Russian circus artist

Valentin Ivanovich Dikul (Валентин Иванович Дикуль; born 3 April 1948) is a Russian circus strongman and rehabilitation specialist. He is a People's Artist of Russia (1999) and the head of the Russian medical and rehabilitation center of the musculoskeletal system diseases.

== Biography ==
Dikul was born prematurely, weighing just over one kilogram. His father Ivan Grigoryevich (1920–1950) was Ukrainian by nationality and worked as a serviceman in the NKVD and its successor, the Ministry of Internal Affairs, but was killed in the line of duty. His mother Anna Korneyevna (1925–1952) was Russian by nationality, and died when Valentin was still in kindergarten. Dikul was raised by his grandparents until he was seven years old, when he began living in orphanages, first in Vilnius and then in Kaunas. Aged nine, he became interested in the circus and helped to put up the circus tent, cleaning the arena, looking after the animals, sweeping, and washing the floors. At fourteen he began working as a motorcycle repairman. In his free time he trained in gymnastics, wrestling, weightlifting, balancing acts, acrobatics, juggling, and stunts, and eventually became involved with the circus in Kaunas.

=== Injury ===
In 1962, when Valentin was almost fifteen, he starred in his first act of air gymnastics at the Sports Palace. The act was performed at an altitude of 13 meters. During one such performance, a steel support cross beam suddenly broke, and Valentin fell from 13 meters. He spent a week in intensive care at the City Hospital and was then transferred to the neurosurgery department of the hospital. His final diagnosis was a compression fracture of the lumbar spine and traumatic brain injury, with many local fractures.

=== Recovery ===
Dikul trained for 5–6 hours a day lifting objects, stretching rubber bands and performing push-ups; however, his legs did not work. Suffering from pain in the spine and fatigue, he performed strength exercises and studied the medical literature on the spine, gathering the necessary information. Doctors asked him to stop wasting time and effort, explaining that success is impossible. But he continued to exhaustion. He began to lift small weights at first, then more and more increasing the weight, developing all the muscles of the back which he was able to. Then he had the idea that you need to move the inactive parts of the body as if they were healthy a full cycle. He tied a rope to his feet, passing it under the headboard, which played the role of a pulley and then pulled it, moving the feet. Then he began using counterweight loads. Friends helped him build a system of weights and pulleys around his bed designed by Dikul. Eight months later he was discharged from the hospital with the first group of disability.
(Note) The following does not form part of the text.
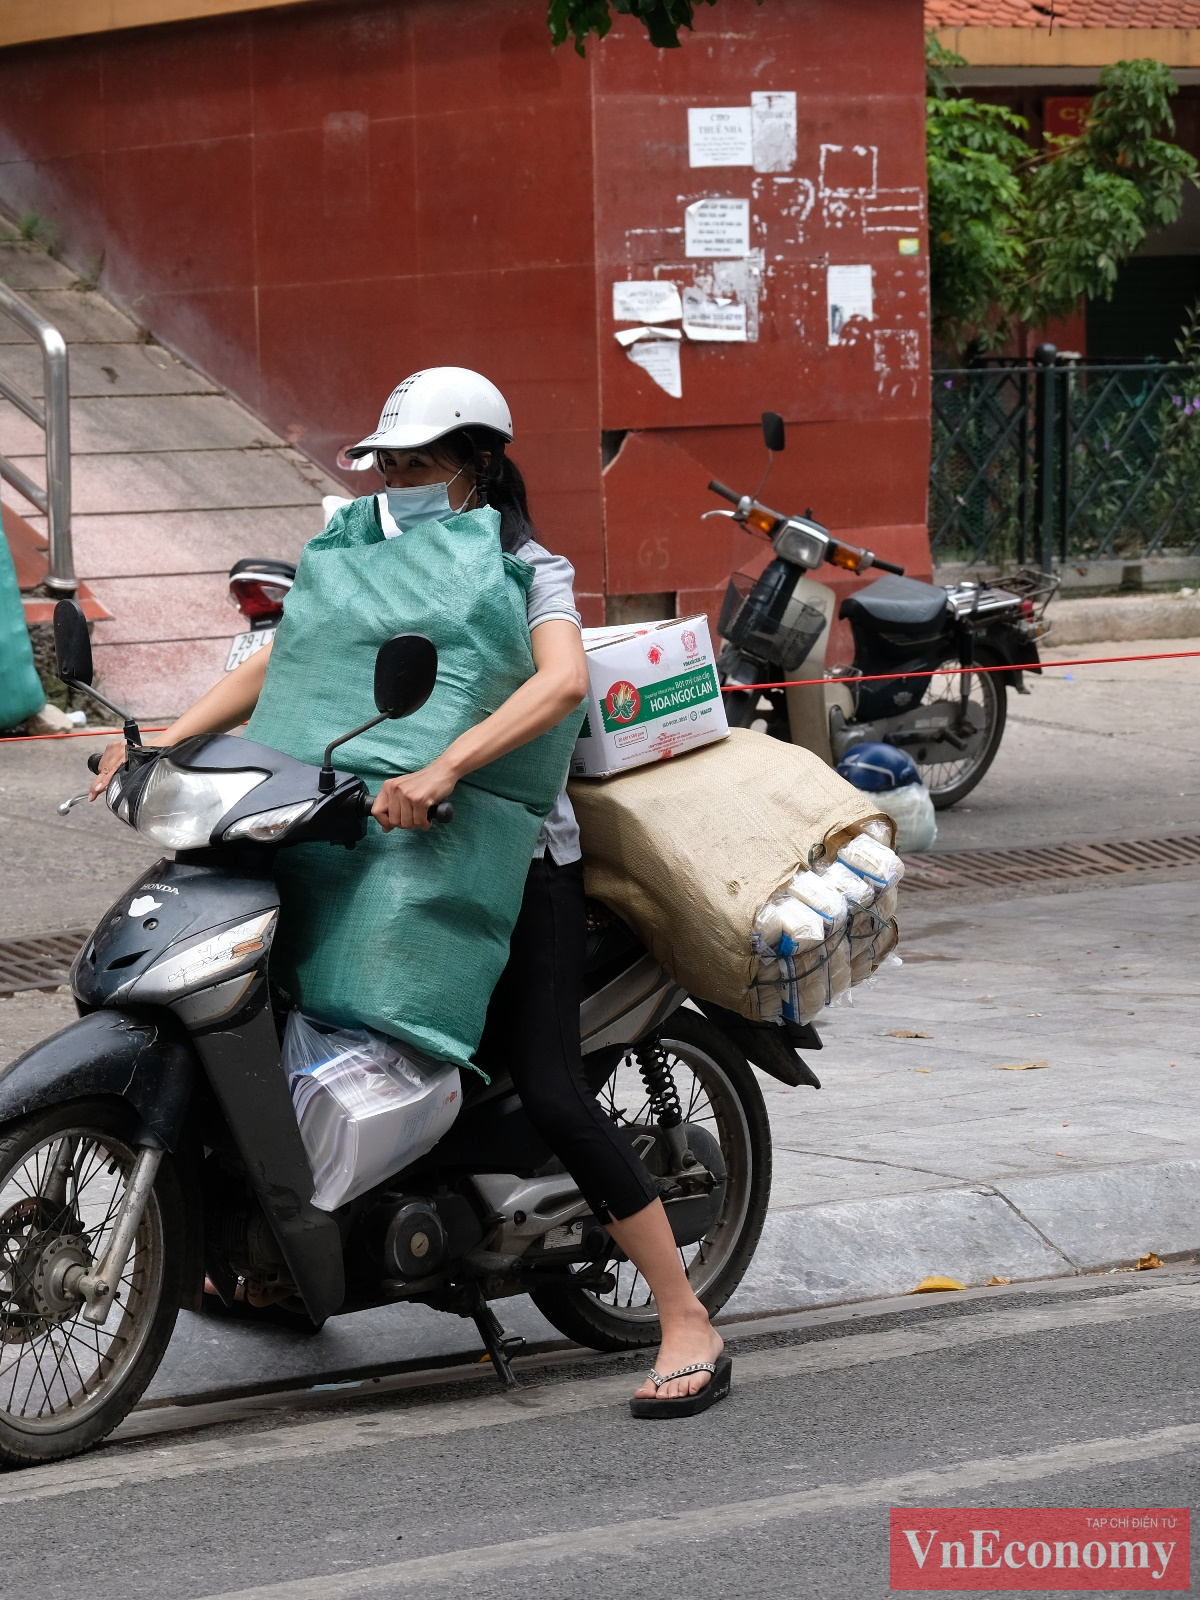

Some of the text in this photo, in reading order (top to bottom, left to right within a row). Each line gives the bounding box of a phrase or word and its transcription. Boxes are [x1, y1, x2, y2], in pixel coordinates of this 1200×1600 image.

[674, 680, 685, 689] Bột
[650, 680, 713, 712] HOA NGỌC LAN
[140, 883, 179, 895] HONDA
A series of publications in the press provoked an avalanche of letters to Dikul with requests for help. In response, he would send them a package of instructions designed for medical rehabilitation. In processing a large amount of correspondence he was helped by his wife Lyudmila.
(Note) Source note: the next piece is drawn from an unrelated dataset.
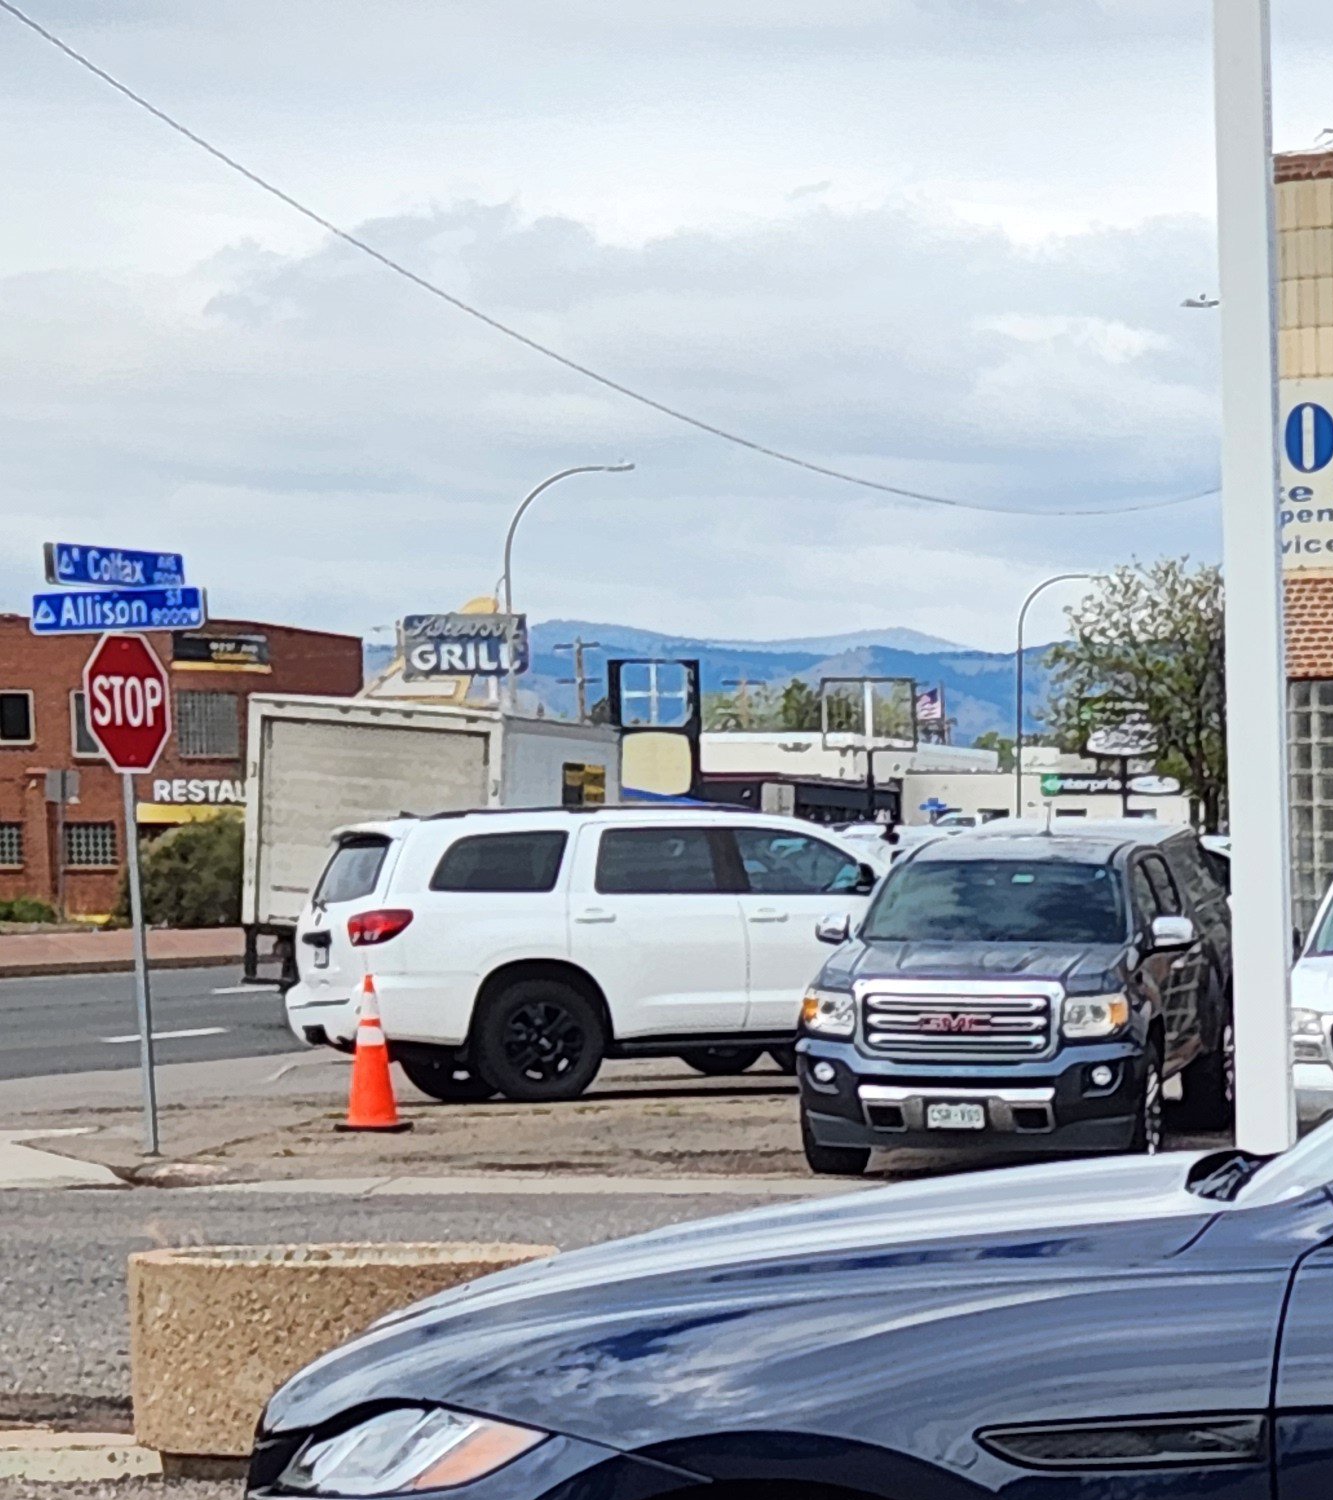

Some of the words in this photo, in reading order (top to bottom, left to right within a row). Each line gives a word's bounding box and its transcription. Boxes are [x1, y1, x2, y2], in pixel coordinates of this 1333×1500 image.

[87, 550, 145, 584] Colfax
[60, 595, 148, 626] Allison
[410, 641, 521, 671] GRILL
[92, 675, 162, 727] STOP
Many people using a wheelchair saw it as their hope. Valentin spent three to four hours a day on advising people with disabilities.
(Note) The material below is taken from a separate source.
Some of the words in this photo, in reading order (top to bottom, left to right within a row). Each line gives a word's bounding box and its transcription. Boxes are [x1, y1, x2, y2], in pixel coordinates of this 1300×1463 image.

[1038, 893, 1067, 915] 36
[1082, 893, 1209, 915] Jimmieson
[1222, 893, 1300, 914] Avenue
In 1988, the Dikul center, a Russian rehabilitation center for patients with spinal injuries and with consequences of infantile cerebral paralysis, was opened.

Dikul was also known for his immense strength, which he displayed mostly in the form of juggling, flipping, and snatching massive kettlebells. He is known to have used kettlebells weighing up to 80–90 kg for the aforementioned movements.

== Criticism ==
In 2013, Dikul was criticised for allegedly falsifying results of heavylifting of a rock.